Your instructions: Output every record verbatim, and omit each picture.
Data under study Start Marker
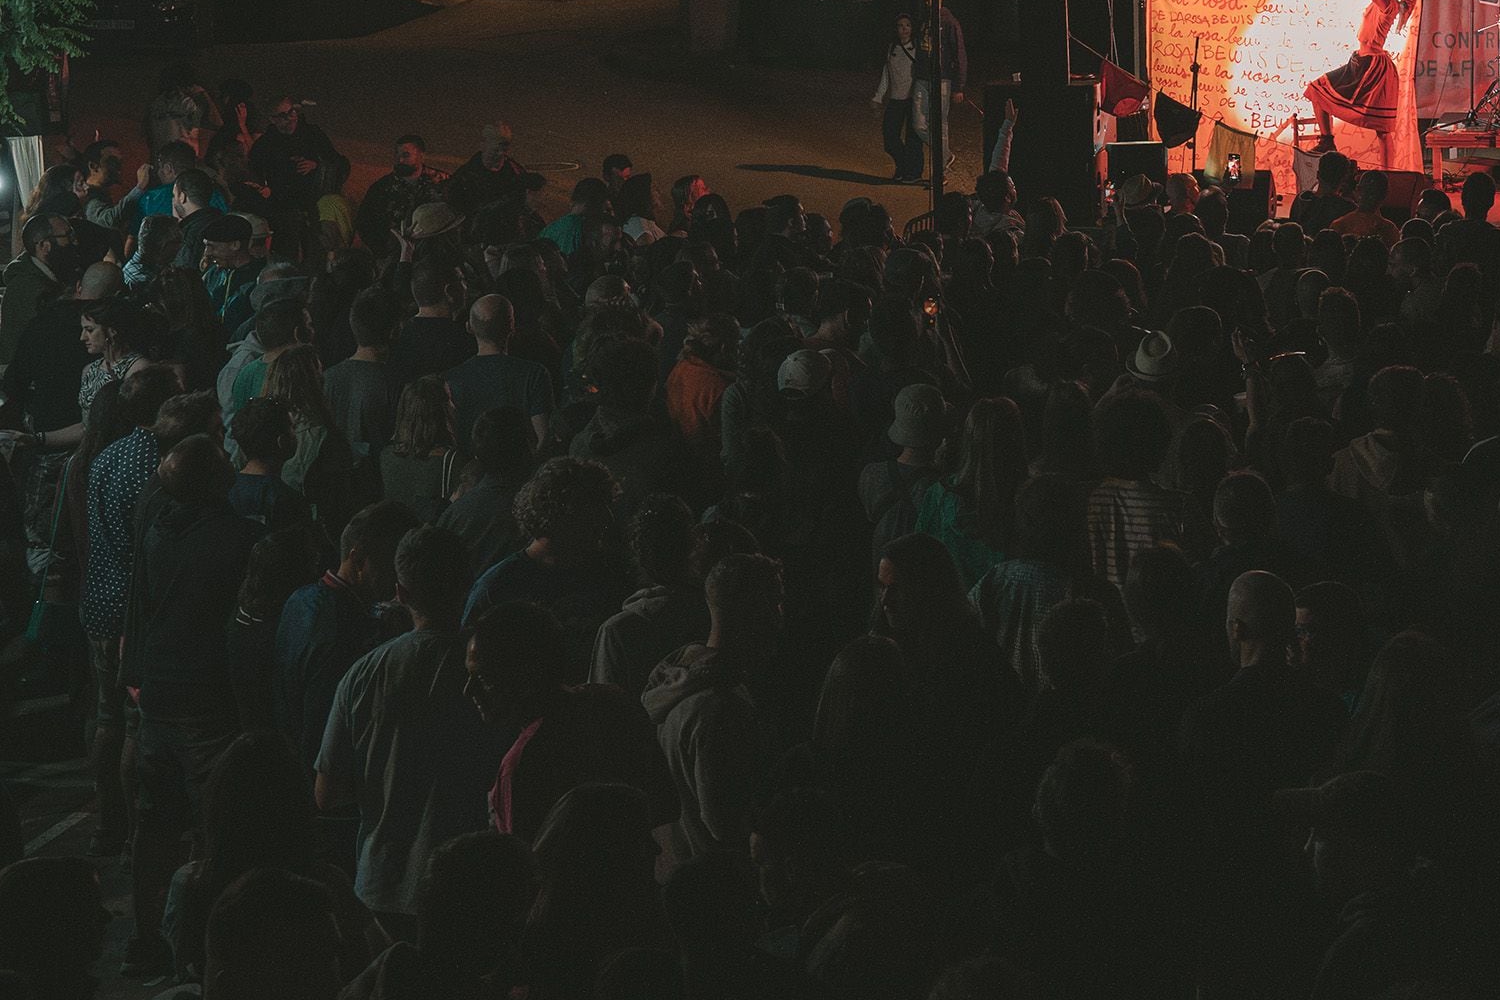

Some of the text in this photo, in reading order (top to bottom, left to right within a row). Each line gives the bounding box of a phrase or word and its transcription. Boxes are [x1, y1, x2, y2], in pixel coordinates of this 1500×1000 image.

[1168, 23, 1184, 38] la
[1153, 40, 1194, 62] ROSA
[1201, 45, 1267, 69] BEWIS
[1215, 64, 1234, 80] la
[1241, 69, 1286, 84] rosa
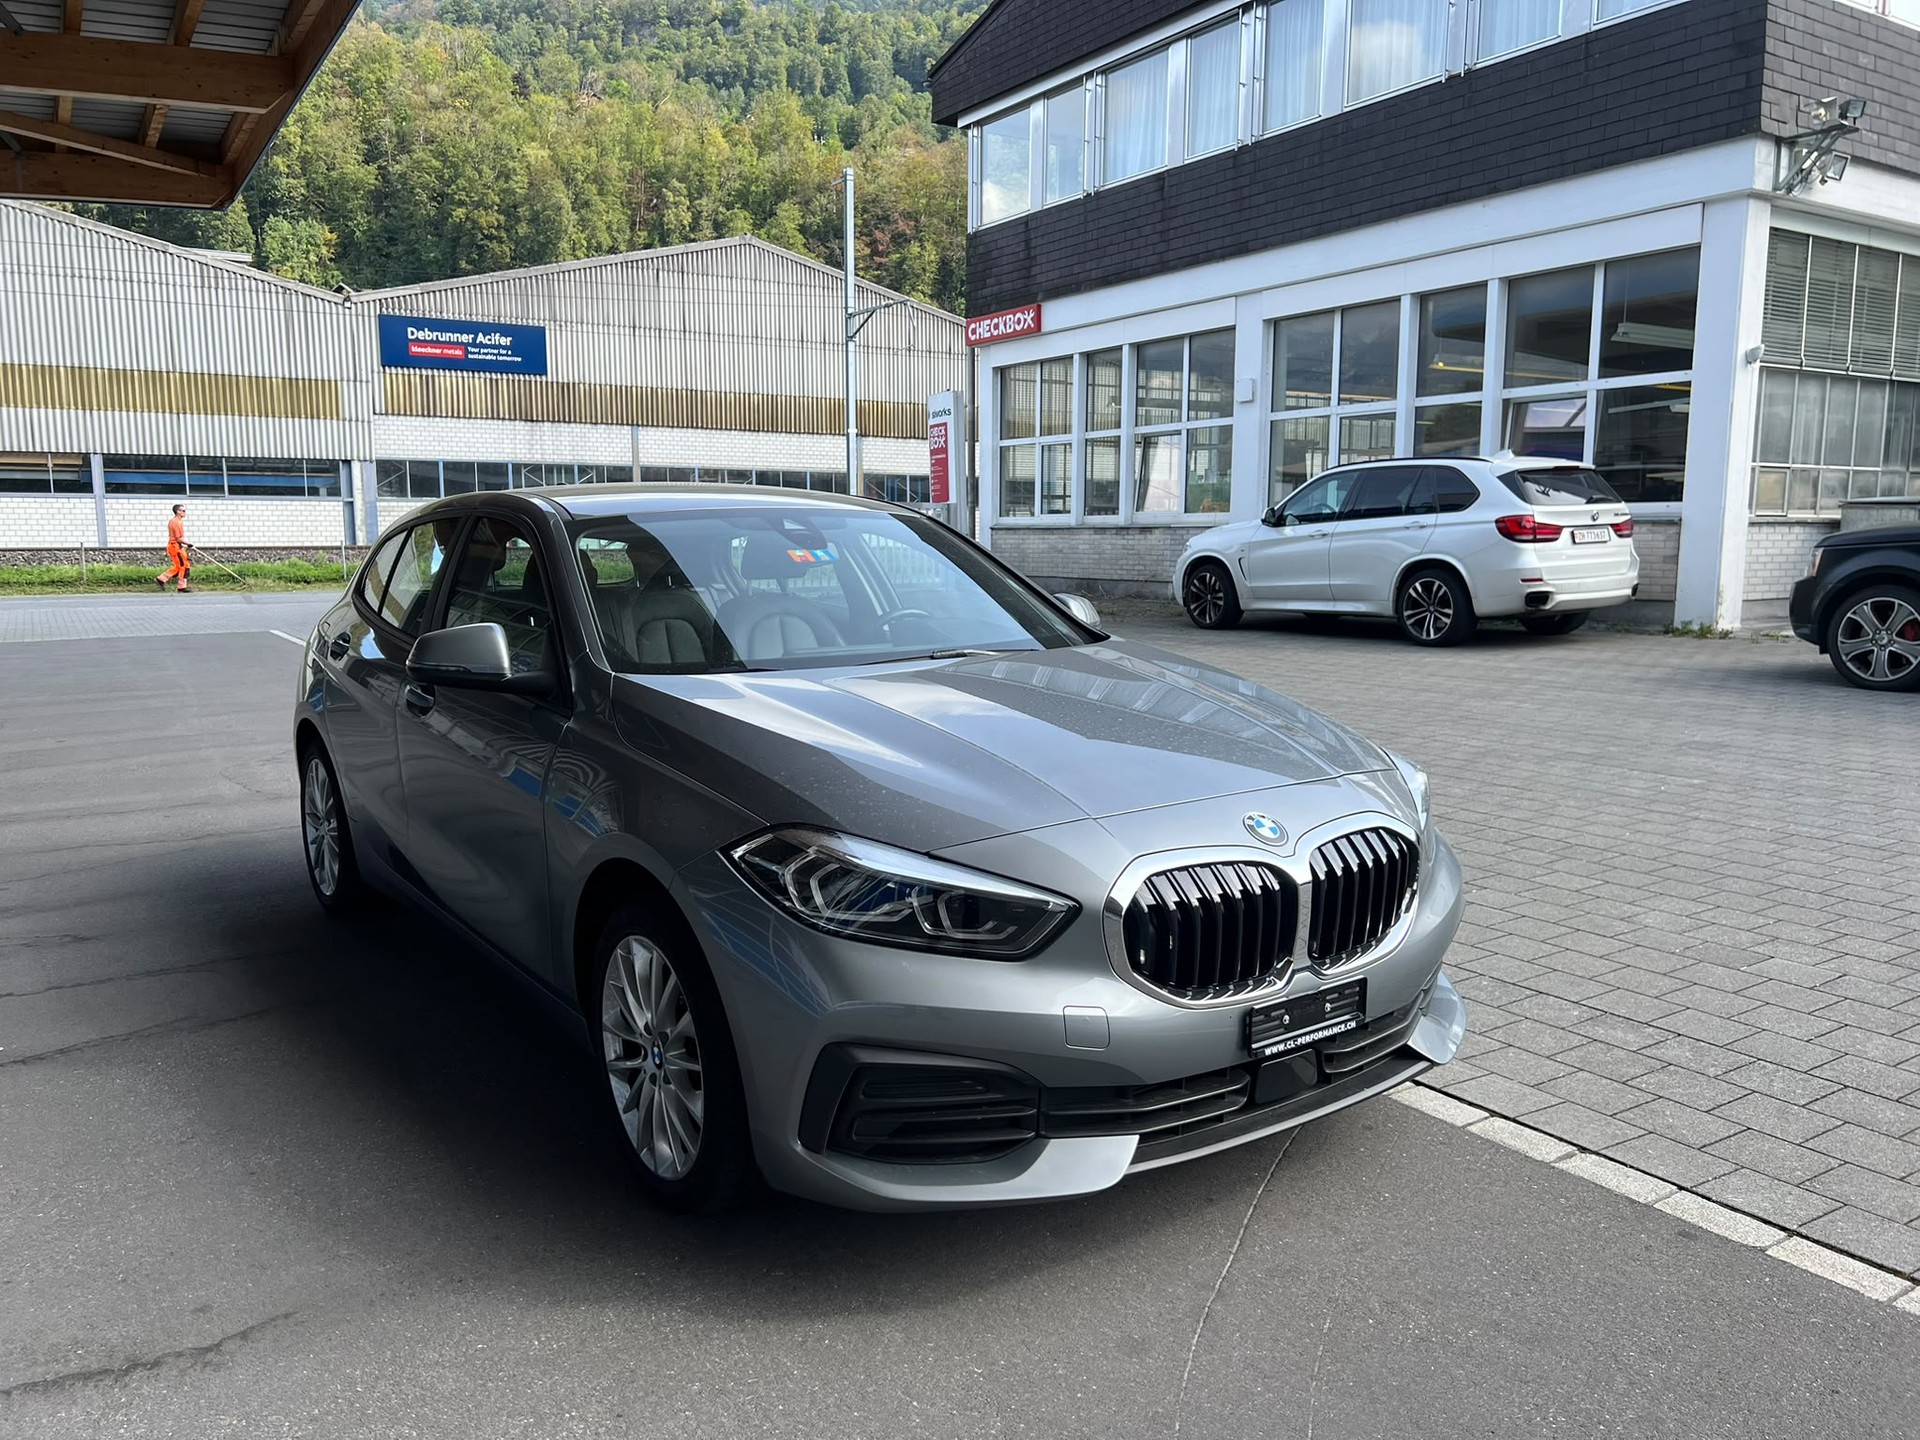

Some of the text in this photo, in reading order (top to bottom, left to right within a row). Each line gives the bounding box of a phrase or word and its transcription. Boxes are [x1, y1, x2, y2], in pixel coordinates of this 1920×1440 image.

[407, 327, 513, 346] Debrunner Acifer
[968, 309, 1035, 341] CHECKBOX
[467, 353, 497, 361] sustainable
[1264, 1020, 1357, 1056] WWW.CL-PERFORMANCE.CH
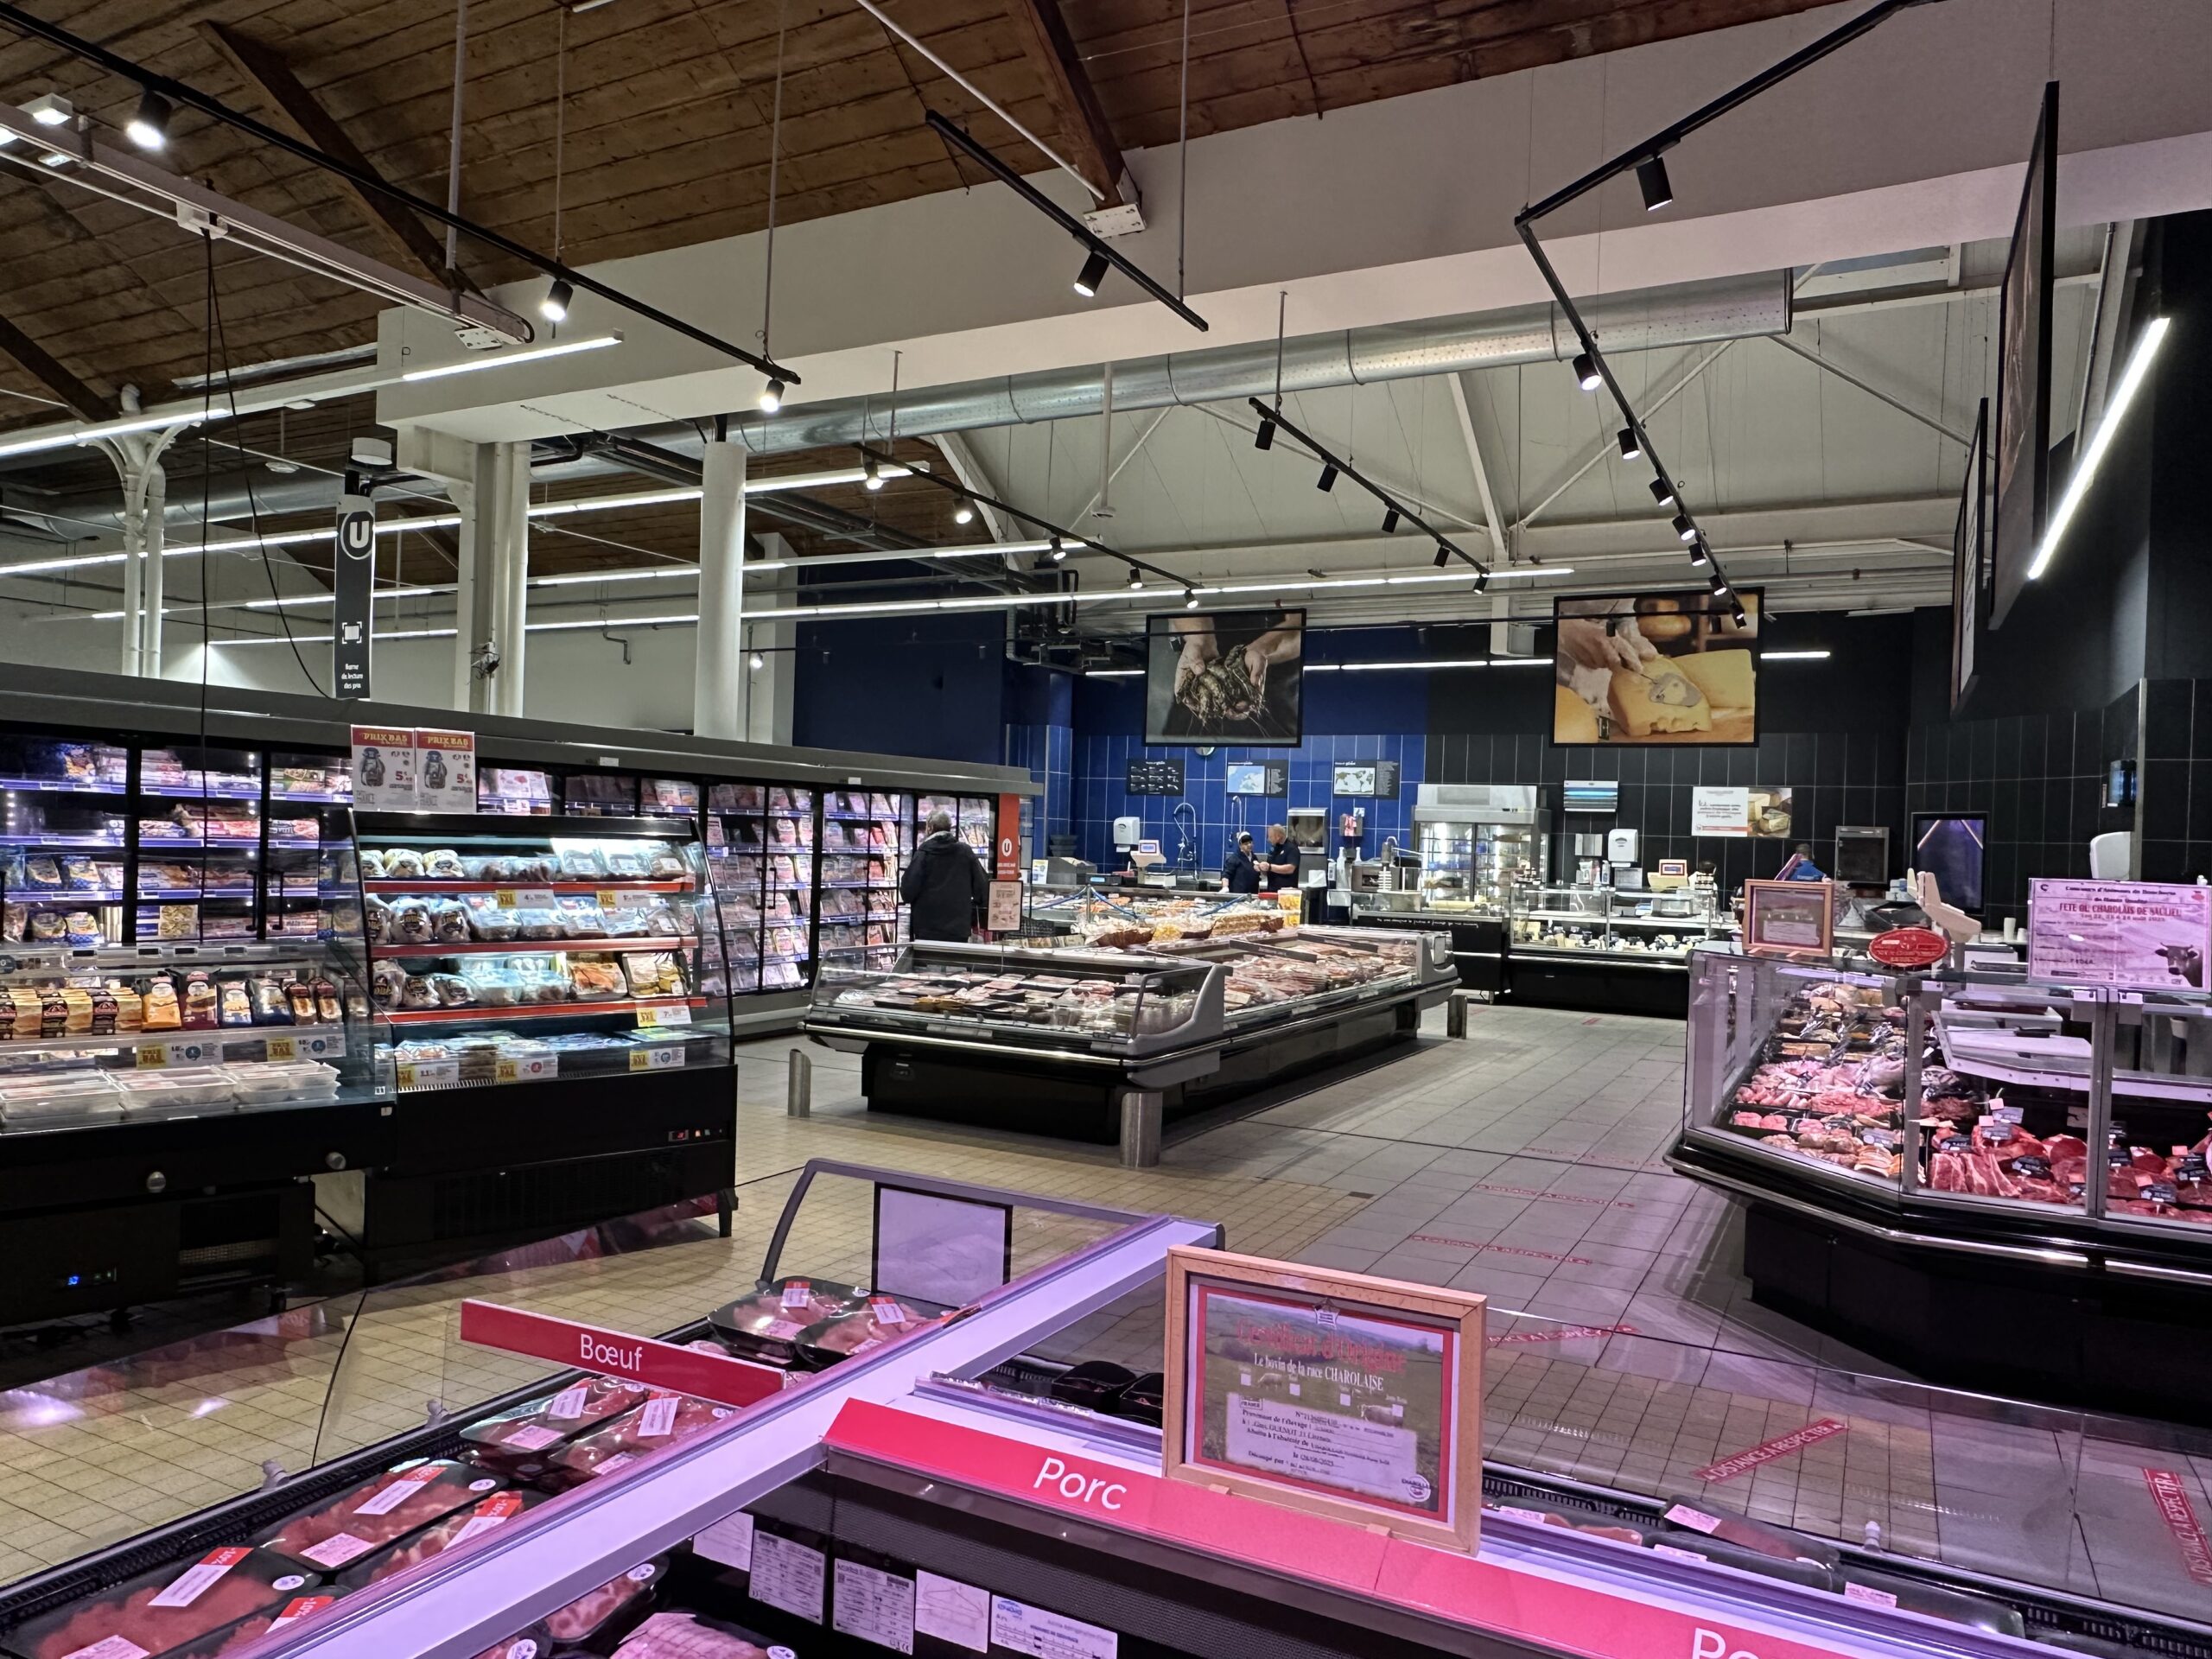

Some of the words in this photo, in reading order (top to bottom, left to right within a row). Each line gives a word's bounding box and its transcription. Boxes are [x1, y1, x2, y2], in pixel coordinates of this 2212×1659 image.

[349, 521, 370, 548] U
[2136, 906, 2148, 916] DE
[580, 1333, 643, 1372] Bœuf
[1254, 1352, 1263, 1367] Le
[1265, 1355, 1286, 1370] bovin
[1287, 1359, 1297, 1373] de
[1298, 1362, 1306, 1376] la
[1306, 1365, 1323, 1378] race
[1325, 1366, 1384, 1391] CHAROLAISE
[1711, 1448, 1771, 1478] DISTANCE
[1776, 1424, 1833, 1452] RESPECTER
[1033, 1456, 1128, 1510] Porc
Data under study End Marker
Answer for this exercise:
Some of the text in this photo, in reading order (top to bottom, left to right within a row). Each line gives the bounding box of a phrase or word and its transcription. Boxes are [x1, y1, x2, y2], in pixel coordinates of this 1500×1000 image.

[1168, 23, 1184, 38] la
[1153, 40, 1194, 62] ROSA
[1201, 45, 1267, 69] BEWIS
[1215, 64, 1234, 80] la
[1241, 69, 1286, 84] rosa

Some of the text in this photo, in reading order (top to bottom, left to right within a row). Each line gives the bounding box of a phrase or word and its transcription. Boxes are [x1, y1, x2, y2], in pixel coordinates of this 1920×1440 image.

[407, 327, 513, 346] Debrunner Acifer
[968, 309, 1035, 341] CHECKBOX
[467, 353, 497, 361] sustainable
[1264, 1020, 1357, 1056] WWW.CL-PERFORMANCE.CH

Some of the words in this photo, in reading order (top to bottom, left to right within a row). Each line gives a word's bounding box and its transcription. Boxes are [x1, y1, x2, y2], in pixel coordinates of this 2212×1659 image.

[349, 521, 370, 548] U
[2136, 906, 2148, 916] DE
[580, 1333, 643, 1372] Bœuf
[1254, 1352, 1263, 1367] Le
[1265, 1355, 1286, 1370] bovin
[1287, 1359, 1297, 1373] de
[1298, 1362, 1306, 1376] la
[1306, 1365, 1323, 1378] race
[1325, 1366, 1384, 1391] CHAROLAISE
[1711, 1448, 1771, 1478] DISTANCE
[1776, 1424, 1833, 1452] RESPECTER
[1033, 1456, 1128, 1510] Porc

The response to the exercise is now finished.